I know it's a "he" because I've heard him croaking a few times(scared the sh*t out of me). I'm fairly certain that the females don't croak.

The pics of him biting me were the results of a long night of drinking. Friends didn't believe he would bite, so I told them to get out the camera and I'd prove it to them. Talk about bad ideas. Not only does it stress the frog, but I had him bite me 3 times. Alcohol thins your blood... you figure out the rest









Anyways, here's a ton of pics:










































Eating a frog:

















Crappy cellphone pics of him eating a frog:

















And him biting the crap out of me:


----------



## PiranhasaurusRex (Feb 23, 2004)

Nice pics. You should consider the non piranha POTM. The pics of him eating a frog are cool, and the finger bite pics. Bud Light in the back ground never hurts.


----------



## syd (Nov 6, 2004)

yo that sh*t is so much better then pac mans that is cool as sh*t


----------



## WolfFish (Jun 30, 2004)

thats one freaking awesome frog, what else do you feed it?


----------



## Gumby (Aug 13, 2004)

I'll feed him just about anything edible. Over the summer I fed him mainly frogs because there was an abundance of them. Now I'm feeding him worms, feeder fish, peices of squid, shrimp, etc. He really sucks at hunting. He's so fat and clumbsy he normaly just dives forward and gets a mouth full of water or gravel and ends up spitting it out. If I didn't hold the frogs in front of him it would take him like an hour or two to catch them. He's a horribly inefficent predator









I'm thinking about giving him his first mouse this weekend. I'll kill the mouse prior to feeding him because the only real way he has to kill them is with his teeth, and I don't think that'd do it for a mouse. I don't need a frog filled with holes from mouse bites. If I do feed him a mouse I'll be sure to get pics.


----------



## Tinkerbelle (Oct 14, 2004)

oooooh you should enter the 3rd one in non piranha potm. its awesome.


----------



## Esoteric (Jul 7, 2004)

sweet frog man, just dont try that with your irritan :laugh:


----------



## piranhasrule (May 31, 2004)

Thats 1 awsome frog! what are their requirements in terms of tank size, heating etc? Does anybody no if their available in the UK?


----------



## Death in #'s (Apr 29, 2003)

gotta love african bullfrogs

any full enclosure pics


----------



## Gumby (Aug 13, 2004)

No full enclosure pics but it's a boring set up anyway. I've got him in a 29g that is about 2/3 water with some water plants and the rest is gravel with this little fake log thing that he spends most of his time hiding under. As far as heat goes, I should probably keep him a little warmer, but he tends to be kept from 75-85 depending on day/night. I use a heat lamp as a source of heat. I'm gonna slap an under-tank heat pad on there this weekend because it's winter and it's starting to get cold in the basement.

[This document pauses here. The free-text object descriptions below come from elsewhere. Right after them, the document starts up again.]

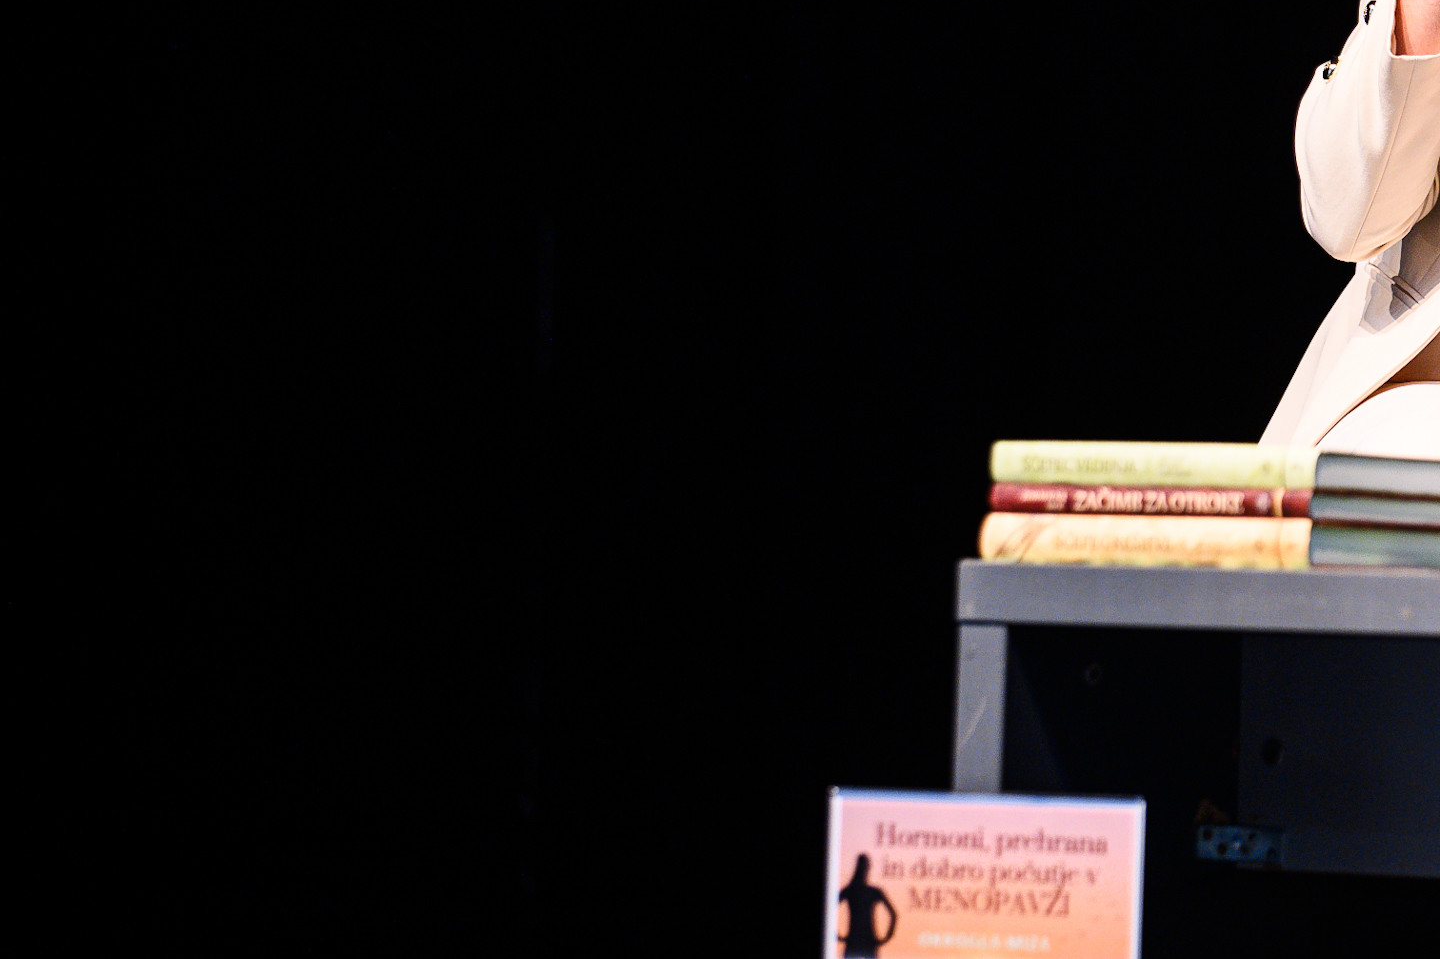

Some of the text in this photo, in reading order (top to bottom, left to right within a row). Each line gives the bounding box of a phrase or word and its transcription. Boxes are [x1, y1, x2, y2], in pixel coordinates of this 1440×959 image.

[1143, 491, 1168, 514] ZA
[1169, 491, 1245, 515] OTROKE
[876, 822, 1108, 858] Hormoni, prehrana
[882, 855, 1098, 891] in dobro počutje v
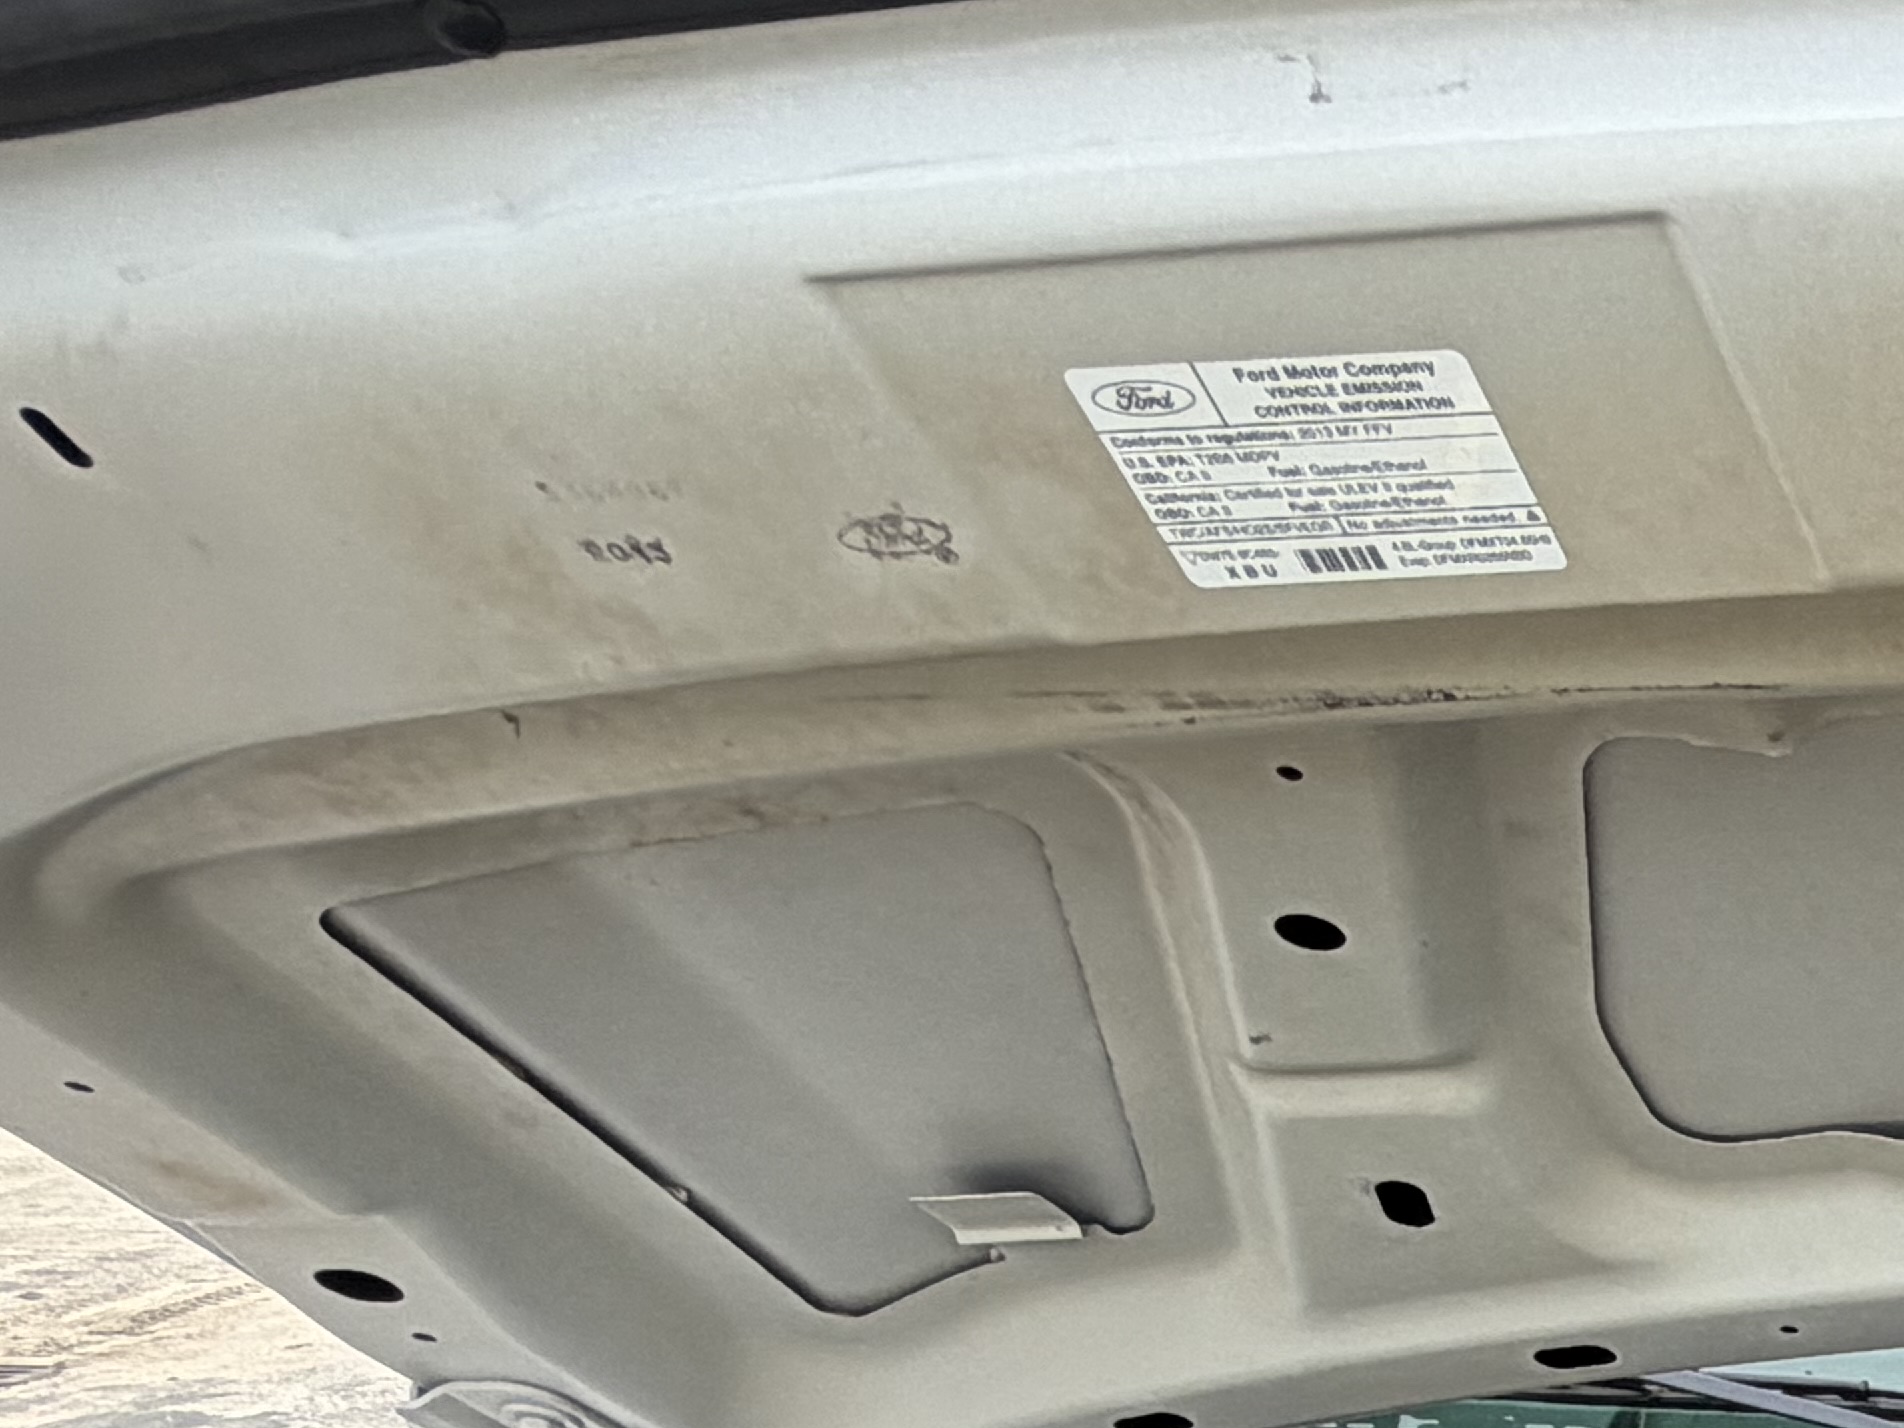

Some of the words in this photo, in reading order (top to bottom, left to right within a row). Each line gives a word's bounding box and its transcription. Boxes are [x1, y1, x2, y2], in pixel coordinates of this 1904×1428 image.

[1233, 367, 1280, 383] Ford
[1283, 364, 1339, 380] Motor
[1343, 360, 1436, 379] Company
[1115, 385, 1176, 411] Ford
[1264, 385, 1339, 399] VEHICLE
[1342, 381, 1424, 396] EMISSION
[1254, 402, 1336, 418] CONTROL
[1339, 396, 1456, 414] INFORMATION

As far as what they need to survive... they don't move much. I can't imagine him needing much more than a 29 for life. Once they hit about 6 inches in length they're so fat they bearly ever move. They also loose that patterning and turn a aqua-green to olive-green color with a yellow belly.


----------



## Gumby (Aug 13, 2004)

I'm still a bit of a newb to this site... how do I enter a pic in the non piranha POTM contest?


----------



## BoomerSub (Jun 23, 2003)

Gumby said:


> I'm still a bit of a newb to this site... how do I enter a pic in the non piranha POTM contest?


 See here, it's actually pretty simple.

-PK


----------



## syd (Nov 6, 2004)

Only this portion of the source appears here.